DES MOINES, Iowa — They aren’t the first people you think of when you hear about those working on the front lines caring for COVID-19 patients, but they are still risking their lives to care for Iowans infected with the virus.
Some of the sickest patients, the men and women facing life and death, arrive at the hospital by air.
“You kind of have to go into each flight thinking it could be COVID,” said LifeFlight Manager Michael Zweigart.
The crew at UnityPoint Health is seeing about three times the normal daily volume. Right now, the coronavirus makes up about 70% of all calls.
“Crews get tired, staff get tired. Just putting on the extra precautions is more fatiguing,” said Zweigart.
The LifeFlight team is carrying an even heavier load. They aren’t just picking up and dropping off patients. They often start treatment or continue patient care right up until they land.
“You come into this shift concerned about yourself and your own family. You also have to set that aside because you have to deal with the patients and the patients’ families as well,” he said.
Over at MercyOne, families are dealing with their own challenges. New mothers infected with the coronavirus face a heartbreaking wait to hold their babies.
“This sweet, sweet baby I’m caring for, the mom and baby are apart. It tugs at my heartstrings because I’m a mom. I just can’t image the pain and the fear they feel,” explained NICU nurse Kate Jones.
Jones does her best to be a surrogate mom.
“I got your back. I’m your nurse, but I got your back. I hope that that transcends to them to know that they are being cared in the best way I know how,” said Jones.
The nurses have stepped in to hold and hug about two dozen babies for the mothers who can’t. Many even volunteer to care for COVID-19 patients at the risk of themselves and their own families.
“Today I was the coronavirus nurse so no hugs, no kisses when I get home. It’s straight to the shower, clean up head to toe and then I get to hug my family,” she said.
Jerry Bernhardt has spent his life comforting people in their time of need.

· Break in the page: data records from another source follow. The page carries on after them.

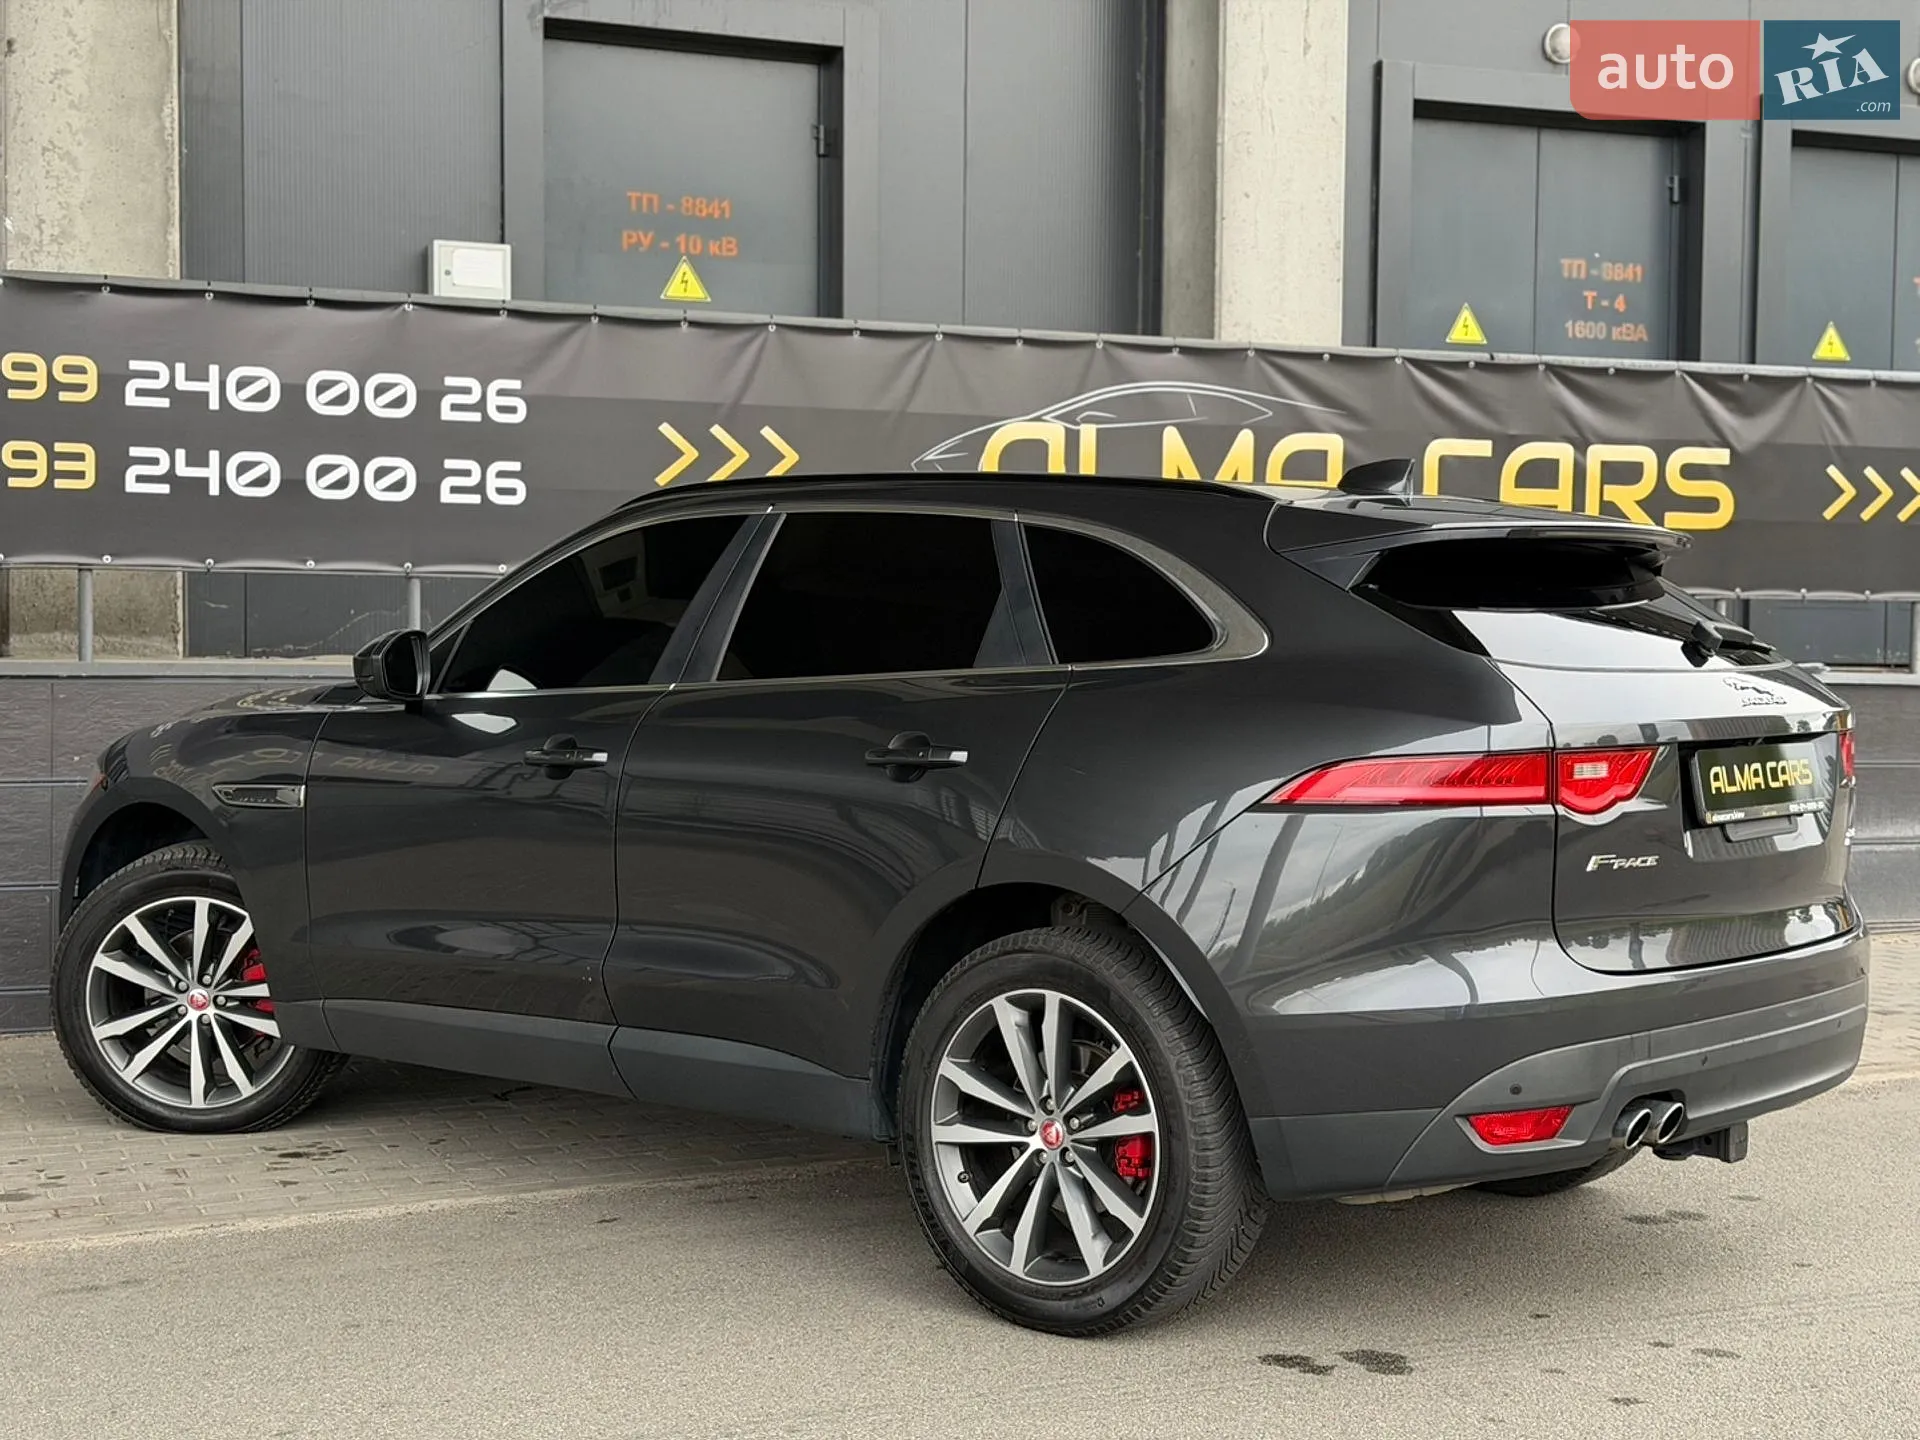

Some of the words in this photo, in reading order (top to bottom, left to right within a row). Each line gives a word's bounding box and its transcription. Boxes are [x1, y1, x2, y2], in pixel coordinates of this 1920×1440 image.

[627, 191, 660, 214] ТП
[680, 195, 732, 220] 8841
[621, 230, 655, 252] РУ
[675, 233, 703, 255] 10
[1613, 293, 1627, 313] 4
[1564, 320, 1607, 340] 1600
[1, 352, 98, 403] 99
[125, 359, 281, 413] 240
[306, 370, 417, 418] 00
[440, 376, 527, 424] 26
[1, 440, 96, 490] 93
[125, 446, 281, 498] 240
[306, 454, 417, 502] 00
[440, 459, 527, 506] 26
[1422, 438, 1735, 530] CARS
[1709, 762, 1766, 795] ALMA
[1766, 758, 1813, 789] CARS

“I can’t really imagine not being able to be with their loved ones at the time of death, but when they’re able to cry with us, I can cry with them and help them, pray with them,” he said.
The chaplain has walked the halls at MercyOne going on 25 years now. He can be the only other face patients see.
“I come in and I’m a presence. I come in with my mask on and stay six feet away, but I’m there for them — whether they want prayer or just want someone to talk to,” said Bernhardt.
It’s not just patients he lends an ear to or bows his head with.
“A lot of times, I’ll minister more to staff because of COVID and because there’s a lot of tension in this place, and I think it does help,” explained Bernhardt.
He is among those who are helping others out on the front lines and behind the scenes.